PM Files – Punchlist for a “483” III
I was under the gun to do a fixed price estimate for a poorly-defined system in one week.
I wasn’t completely in the dark, though. I had the set of paper forms used in the existing process. I had the current set of reports. I had the cost models from prior successful projects for this Client. So I started with the cost model.
My methodology for job estimation of smaller jobs is the same now as then – I used a Task and delivery-based cost model that I worked up in Excel. My experience is that smaller software jobs are generally not constrained by task dependencies. The process runs basically sequentially, and the projected end data doesn’t depend on cross-connections between the projects. And I don’t worry about staffing mix.
I don’t bring out MS Project and start building dependencies and staff rosters unless the project is organizationally complex, large, or relies on a number of delivery threads.
So I brought out the Cost Model from the last job to familiarize myself with the Phases and deliverables.
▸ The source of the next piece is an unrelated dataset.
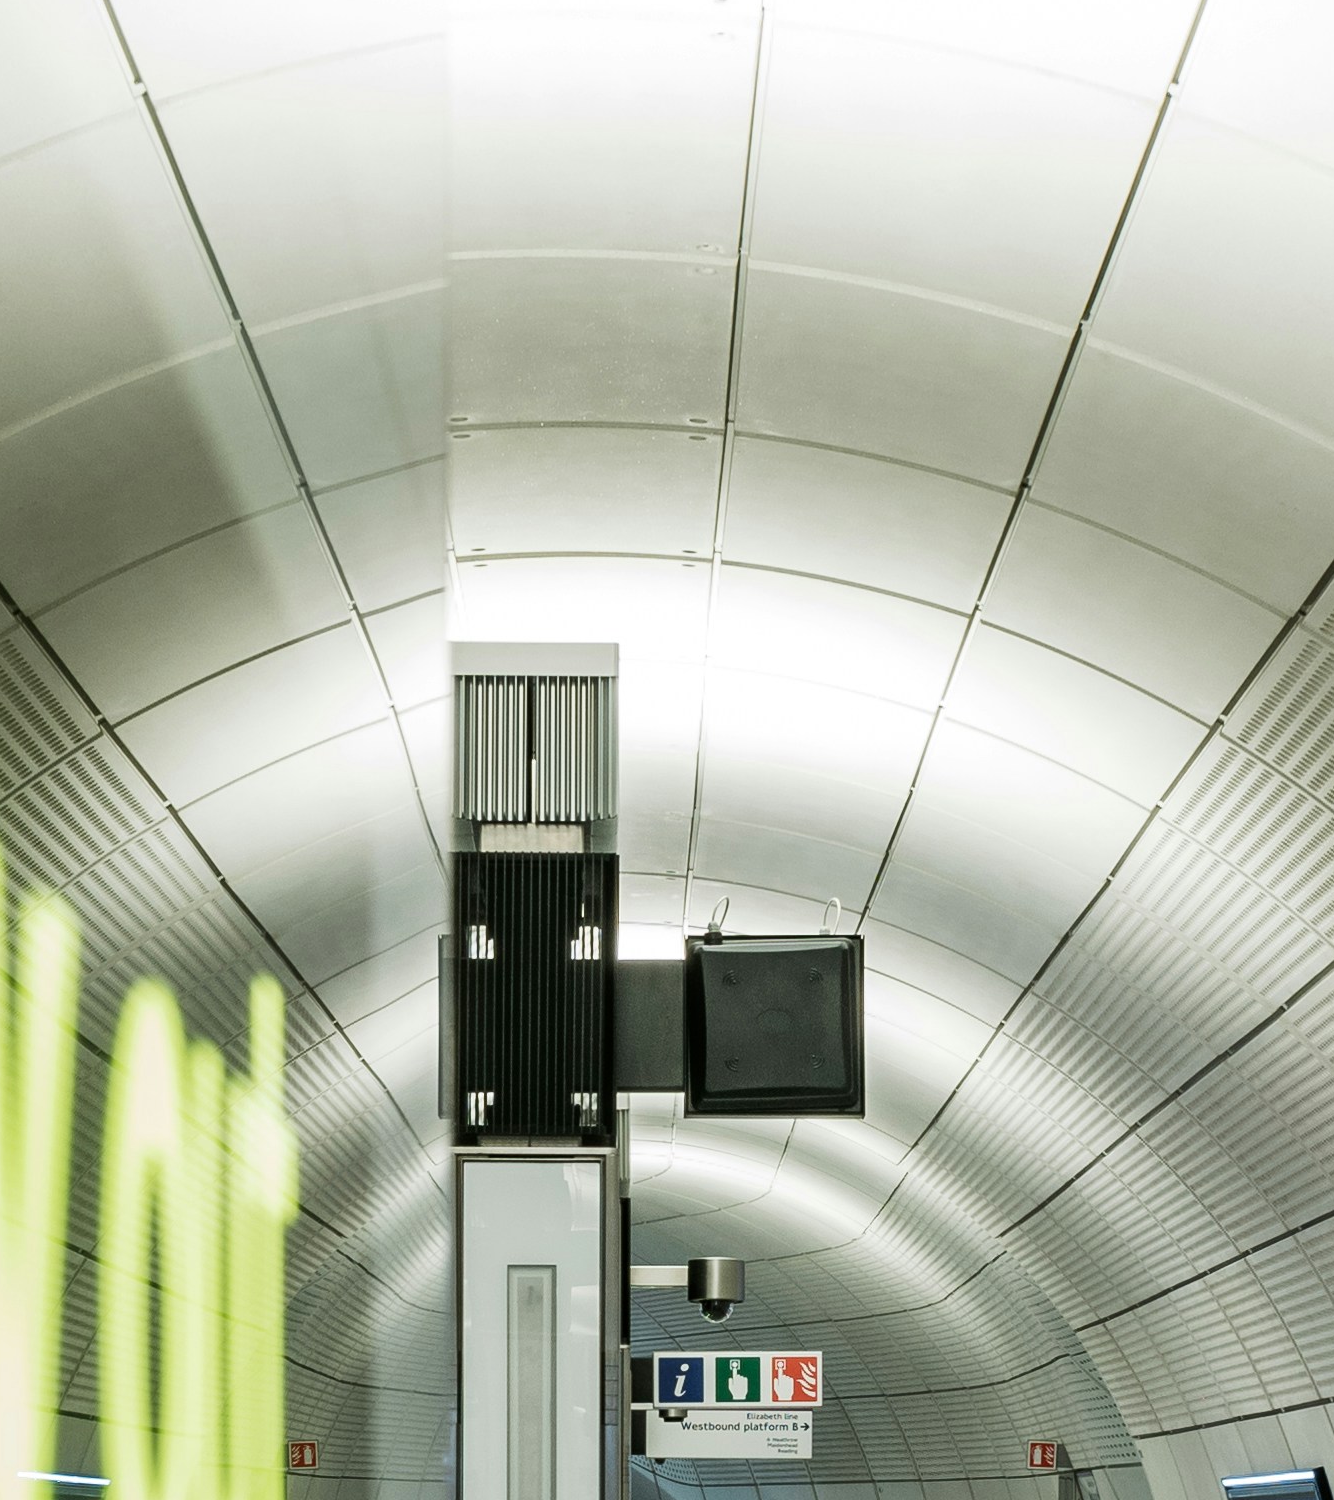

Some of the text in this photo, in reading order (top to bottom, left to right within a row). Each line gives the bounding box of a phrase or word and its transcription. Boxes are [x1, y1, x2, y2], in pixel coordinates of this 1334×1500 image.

[681, 1422, 799, 1433] Westbound platform B
Here were the Phases:
- Administration/QA
- General Design Specification – deliverable is a GDS
- Perform Application Development – deliverable is an integrated system reviewed with users
- Detail Design Spec (as built) – deliverable is a DDS
- Factory Acceptance Testing – deliverable is a completed FAT at the Factory (my shop)
- Installation, Training and Support – mostly support of the Client installation team, plus User and Operator Manuals
All in all, one part code to three parts paper. An interesting feature of working in this environment is that you create the Detail Design Spec from the completed system, not the other way around. For a “Validated” system in the Pharma environment, you need a delivered system that exactly matches the design spec. The easiest way to do that is to capture screens from the completed system!
So, I did a “save as” under the new project name, version 1. I printed it out, got out my special green razor point estimating pen, and began marking up the cost model.